### About this task:
Restate the records exactly. Include all of them.

_____

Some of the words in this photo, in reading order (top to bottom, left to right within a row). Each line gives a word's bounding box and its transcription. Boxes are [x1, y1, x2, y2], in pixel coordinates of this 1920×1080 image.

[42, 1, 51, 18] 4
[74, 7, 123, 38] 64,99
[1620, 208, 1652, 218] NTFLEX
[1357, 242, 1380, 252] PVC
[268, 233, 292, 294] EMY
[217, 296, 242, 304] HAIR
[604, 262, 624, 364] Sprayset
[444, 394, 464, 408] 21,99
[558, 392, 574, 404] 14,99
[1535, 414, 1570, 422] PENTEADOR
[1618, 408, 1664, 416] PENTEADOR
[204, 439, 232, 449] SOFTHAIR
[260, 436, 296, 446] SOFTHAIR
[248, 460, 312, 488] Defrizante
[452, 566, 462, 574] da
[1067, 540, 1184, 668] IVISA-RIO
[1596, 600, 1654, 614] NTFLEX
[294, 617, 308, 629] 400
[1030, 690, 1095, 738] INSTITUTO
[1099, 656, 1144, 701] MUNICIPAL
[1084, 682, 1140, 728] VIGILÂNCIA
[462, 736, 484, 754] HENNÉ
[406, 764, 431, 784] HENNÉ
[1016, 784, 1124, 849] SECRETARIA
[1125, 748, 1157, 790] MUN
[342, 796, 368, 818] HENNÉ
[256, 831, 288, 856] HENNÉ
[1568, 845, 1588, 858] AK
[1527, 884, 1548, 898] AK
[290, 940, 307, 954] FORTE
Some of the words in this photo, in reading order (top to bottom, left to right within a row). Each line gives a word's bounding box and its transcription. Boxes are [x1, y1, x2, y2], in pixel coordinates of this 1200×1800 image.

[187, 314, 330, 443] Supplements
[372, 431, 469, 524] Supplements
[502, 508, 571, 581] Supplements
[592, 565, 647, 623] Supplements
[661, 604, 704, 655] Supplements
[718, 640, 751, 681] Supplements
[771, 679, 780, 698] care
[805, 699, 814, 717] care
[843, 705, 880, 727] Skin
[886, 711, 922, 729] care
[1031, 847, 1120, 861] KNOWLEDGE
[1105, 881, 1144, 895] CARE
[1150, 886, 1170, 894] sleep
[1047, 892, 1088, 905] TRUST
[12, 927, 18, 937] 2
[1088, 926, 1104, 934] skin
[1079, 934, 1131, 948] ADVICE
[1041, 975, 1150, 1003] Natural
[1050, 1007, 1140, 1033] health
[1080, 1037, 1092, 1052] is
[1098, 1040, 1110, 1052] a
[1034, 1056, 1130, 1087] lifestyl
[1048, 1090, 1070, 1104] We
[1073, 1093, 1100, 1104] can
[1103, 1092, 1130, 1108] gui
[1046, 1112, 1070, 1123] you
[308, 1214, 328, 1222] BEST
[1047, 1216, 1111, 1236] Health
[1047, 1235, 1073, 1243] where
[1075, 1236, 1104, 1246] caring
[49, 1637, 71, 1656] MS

_____

### Your solution:
Some of the words in this photo, in reading order (top to bottom, left to right within a row). Each line gives a word's bounding box and its transcription. Boxes are [x1, y1, x2, y2], in pixel coordinates of this 1920×1080 image.

[42, 1, 51, 18] 4
[74, 7, 123, 38] 64,99
[1620, 208, 1652, 218] NTFLEX
[1357, 242, 1380, 252] PVC
[268, 233, 292, 294] EMY
[217, 296, 242, 304] HAIR
[604, 262, 624, 364] Sprayset
[444, 394, 464, 408] 21,99
[558, 392, 574, 404] 14,99
[1535, 414, 1570, 422] PENTEADOR
[1618, 408, 1664, 416] PENTEADOR
[204, 439, 232, 449] SOFTHAIR
[260, 436, 296, 446] SOFTHAIR
[248, 460, 312, 488] Defrizante
[452, 566, 462, 574] da
[1067, 540, 1184, 668] IVISA-RIO
[1596, 600, 1654, 614] NTFLEX
[294, 617, 308, 629] 400
[1030, 690, 1095, 738] INSTITUTO
[1099, 656, 1144, 701] MUNICIPAL
[1084, 682, 1140, 728] VIGILÂNCIA
[462, 736, 484, 754] HENNÉ
[406, 764, 431, 784] HENNÉ
[1016, 784, 1124, 849] SECRETARIA
[1125, 748, 1157, 790] MUN
[342, 796, 368, 818] HENNÉ
[256, 831, 288, 856] HENNÉ
[1568, 845, 1588, 858] AK
[1527, 884, 1548, 898] AK
[290, 940, 307, 954] FORTE
Some of the words in this photo, in reading order (top to bottom, left to right within a row). Each line gives a word's bounding box and its transcription. Boxes are [x1, y1, x2, y2], in pixel coordinates of this 1200×1800 image.

[187, 314, 330, 443] Supplements
[372, 431, 469, 524] Supplements
[502, 508, 571, 581] Supplements
[592, 565, 647, 623] Supplements
[661, 604, 704, 655] Supplements
[718, 640, 751, 681] Supplements
[771, 679, 780, 698] care
[805, 699, 814, 717] care
[843, 705, 880, 727] Skin
[886, 711, 922, 729] care
[1031, 847, 1120, 861] KNOWLEDGE
[1105, 881, 1144, 895] CARE
[1150, 886, 1170, 894] sleep
[1047, 892, 1088, 905] TRUST
[12, 927, 18, 937] 2
[1088, 926, 1104, 934] skin
[1079, 934, 1131, 948] ADVICE
[1041, 975, 1150, 1003] Natural
[1050, 1007, 1140, 1033] health
[1080, 1037, 1092, 1052] is
[1098, 1040, 1110, 1052] a
[1034, 1056, 1130, 1087] lifestyl
[1048, 1090, 1070, 1104] We
[1073, 1093, 1100, 1104] can
[1103, 1092, 1130, 1108] gui
[1046, 1112, 1070, 1123] you
[308, 1214, 328, 1222] BEST
[1047, 1216, 1111, 1236] Health
[1047, 1235, 1073, 1243] where
[1075, 1236, 1104, 1246] caring
[49, 1637, 71, 1656] MS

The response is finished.